Co takiego dzieje się we wsi i dlaczego nie wolno chodzić do lasu?
Wojna w Kuropatkach Katarzyny Ryrych to opowieść o ludziach po obu stronach granicy, o pomocy bez względu na kolor skóry i narodowość, o byciu dobrym człowiekiem.
– Tę książkę powinien swojemu dziecku przeczytać każdy rodzic. To opowieść o prawdziwym człowieczeństwie pełnym mądrości, empatii i akceptacji. Katarzyna Ryrych świetnie wyjaśniła, jak dzisiaj być przyzwoitym i dobrym człowiekiem. Pokazała jednocześnie, jak można i należy budować wspólny świat dzieci i dorosłych - świat przyjazny i bezpieczny dla wszystkich, bez względu na różnice narodowościowe, religijne, wiekowe... A słowa małej Meli: "Jak łatwo zostać dobrym, kiedy dokoła inni robią złe rzeczy. A wystarczyłoby ich nie robić" powinny pobudzić młodego i starszego czytelnika do głębokiej refleksji i do konkretnego działania – powiedział o tej książce dr Marek Michalak, przewodniczący Międzynarodowego Stowarzyszenia im. Janusza Korczaka, Rzecznik Praw Dziecka w latach 2008-2018.
Do lektury zaprasza Wydawnictwo Literatura. Dziś na naszych łamach przeczytacie premierowy fragment książki:
Z tylnego siedzenia naszego samochodu widziałam plecy taty, drogę prowadzącą szpalerem starych drzew i ciemną ścianę lasu.
Obok mnie, bezwładna jak szmaciana lalka, spała Ada. Zawsze zasypia w samochodzie, ale tym razem czułabym się o wiele lepiej, gdyby było inaczej.
– Mela – zaczął tata. W lusterku widziałam jego smutną twarz. – Mela, musisz zrozumieć pewne rzeczy. Nie miał pojęcia, że nie chciałam rozumieć niczego. Dla mnie to wszystko było proste, jasne i oczywiste. I skoro ja, mając lat dwanaście, myślałam w ten sposób – jaki problem mieli z tym dorośli?
Przy wjeździe na autostradę natknęliśmy się na kolumnę ciężarówek. Na poboczu stało kilka samochodów osobowych. Mężczyźni w mundurach sprawdzali dokumenty kierowców i chyba nie tylko, bo niektóre auta, te większe, miały otwarte bagażniki. Wracaliśmy do domu, a w Kuropatkach nadal trwała wojna.

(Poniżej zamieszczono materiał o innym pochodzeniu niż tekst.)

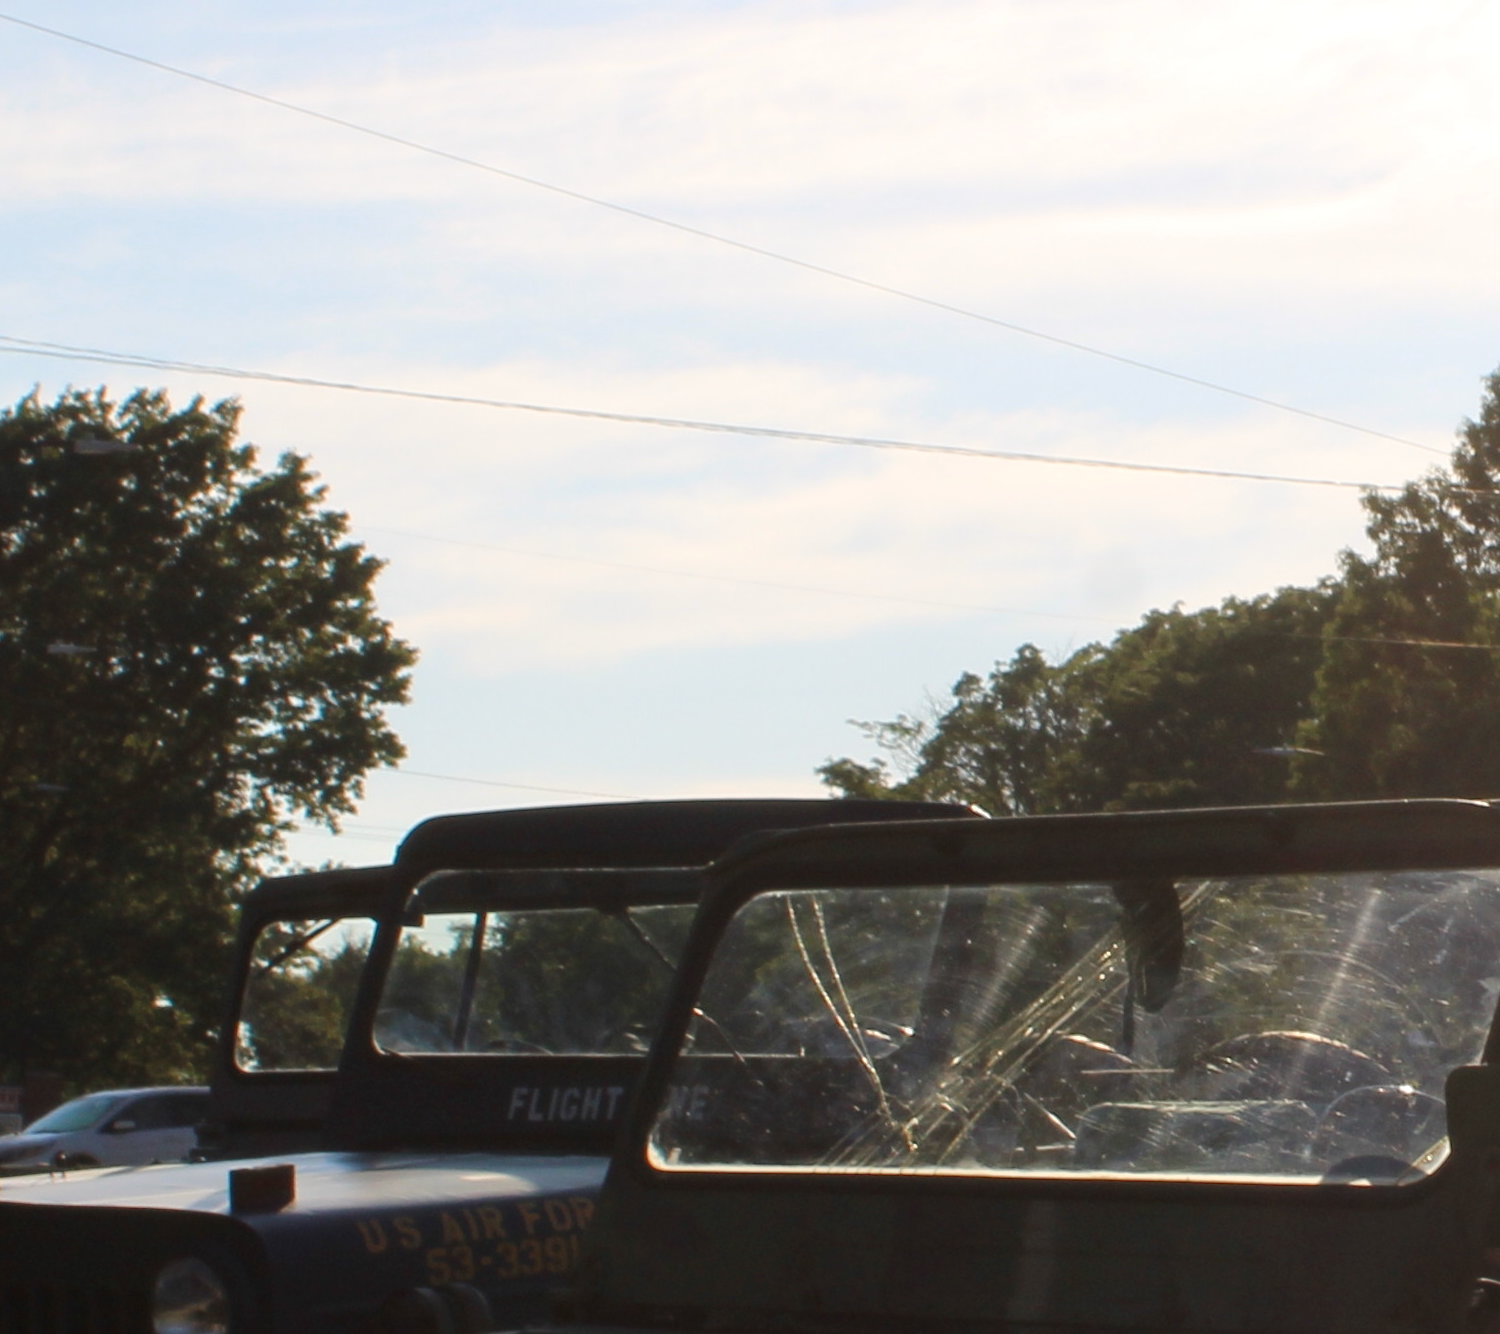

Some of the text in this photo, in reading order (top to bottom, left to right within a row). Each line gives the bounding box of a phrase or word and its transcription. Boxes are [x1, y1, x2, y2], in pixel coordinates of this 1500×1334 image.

O wojnie dowiedziałam się na drugi dzień po przyjeździe. Tata prawdopodobnie wiedział o niej wcześniej, ale nie miał wyboru. Bo kiedy w domu trwał potężny remont, a rodzice znowu nie dostali urlopu, mogła zająć się nami tylko babcia.
Perspektywa wakacji na wsi, tam, gdzie zawsze mogłam robić wszystko, co tylko mi się podobało, była naprawdę fantastyczna. Nawet to, że będę musiała zajmować się młodszą siostrą, nie było w stanie przyćmić mojej radości.
Brodzenie w stawie, wyprawy do pobliskiego lasu, a może nawet spanie w stodole na świeżym sianie…
Pyszne kołduny i złocisty rosół, domowy chleb i prawdziwe masło… i przede wszystkim prababcia, mama babci, która opowiadała nam wieczorami przeróżne historie – niektóre straszne, inne śmieszne, ale wszystkie prawdziwe.
Gdyby po śmierci dziadka zdecydowały się przenieść do nas – miałabym to wszystko (za wyjątkiem masła i mleka prosto od krowy) na co dzień.
Tylko że babcia kochała swój stary dom, no i musiałaby sprzedać krowę i kury. A pies Bajbus, biegający po obejściu, z pewnością nigdy nie przyzwyczaiłby się do spacerów na smyczy.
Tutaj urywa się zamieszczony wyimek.